Die päpstliche Beauftragung war für sie mit einem konkreten Auftrag verbunden: "Anderen mehr von Jesus zu erzählen", erklärt die Pastoralreferentin. Außerdem darf Blaschke nun als Ständige Lektorin offiziell andere Lektoren ausbilden. Das mache sie zwar schon jahrelang, erklärt sie freudig, dennoch sei dieser Dienst nun besonders gestärkt durch den Vatikan. Zusätzlich möchte die Theologin noch einmal einen liturgischen Grundkurs besuchen und den Kurs für Leiter von Wortgottesdiensten und Begräbnisfeiern wiederholen. "Zum Auffrischen", lacht die 64-Jährige.

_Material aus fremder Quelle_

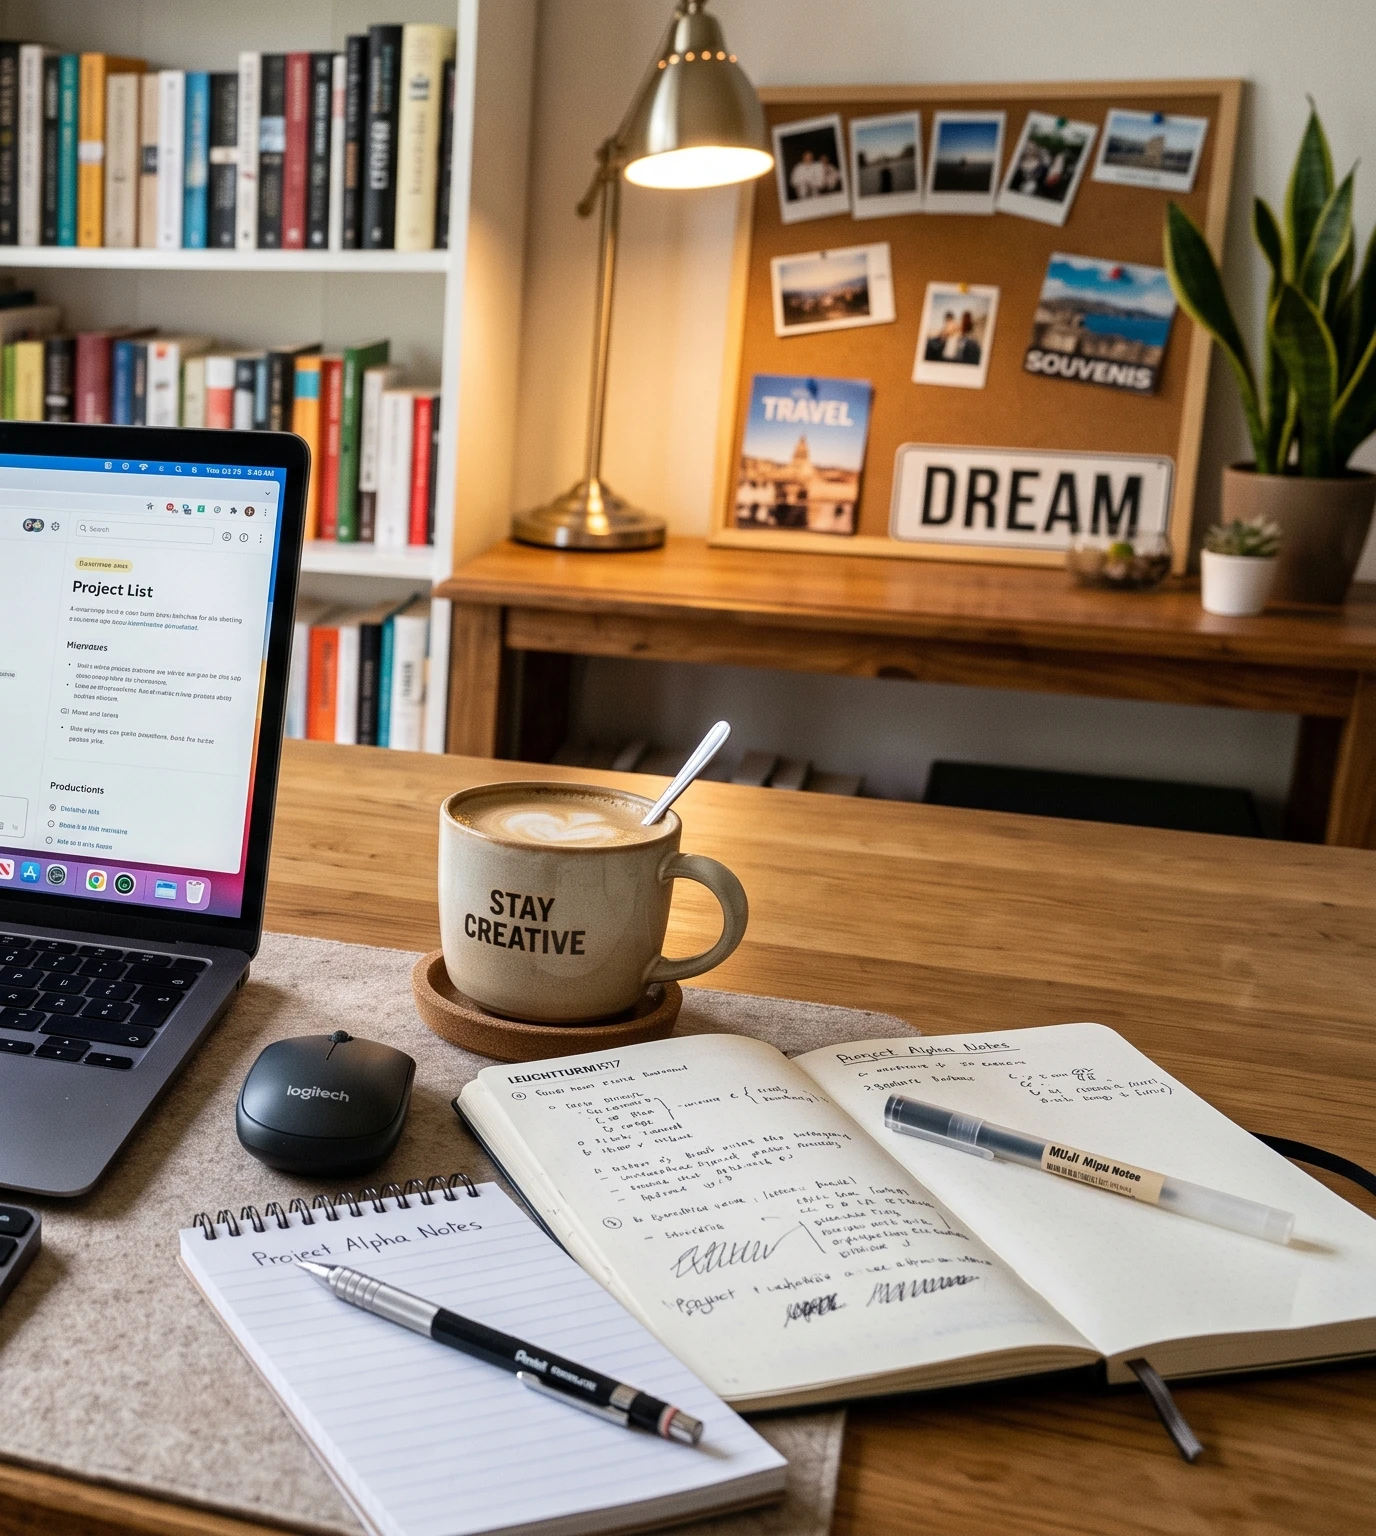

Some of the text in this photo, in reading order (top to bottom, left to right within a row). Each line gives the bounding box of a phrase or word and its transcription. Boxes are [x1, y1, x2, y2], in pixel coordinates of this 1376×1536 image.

Als Pastoralreferentin habe sie ihre geistliche Berufung leben können, meint Blaschke. Priesterin hätte sie nie werden wollen, ergänzt die Theologin. Auch wenn sie immer gerne in der Verkündigung des Wortes Gottes tätig war und ist. Doch wenn es den Diakonat für Frauen heute schon geben würde, dann wäre sie das gerne geworden, denn so hätte sie ihren früheren Pfarrer, den sie bis zu seinem Tod begleitete, besser unterstützen können, fügt die Pastoralreferentin hinzu. Sie sei "halt von Herzen gerne Seelsorgerin". Bis heute hilft Irene Blaschke in ihrer früheren Kirchengemeinde mit und ist dort auch Kantorin. Vielleicht werden ihr durch die päpstliche Beauftragung zukünftig weitere Aufgaben in ihrer Gemeinde übertragen, überlegt die Theologin. Zum Beispiel würde sie gerne wieder einmal eine Beerdigung leiten. Menschen beim Trauern trösten, sie in der Krankheit begleiten oder anderen das Wort Gottes auslegen, das erfülle sie. "Ich bin dann da, wo ich gebraucht werde", schließt die Salzburger Präfektin.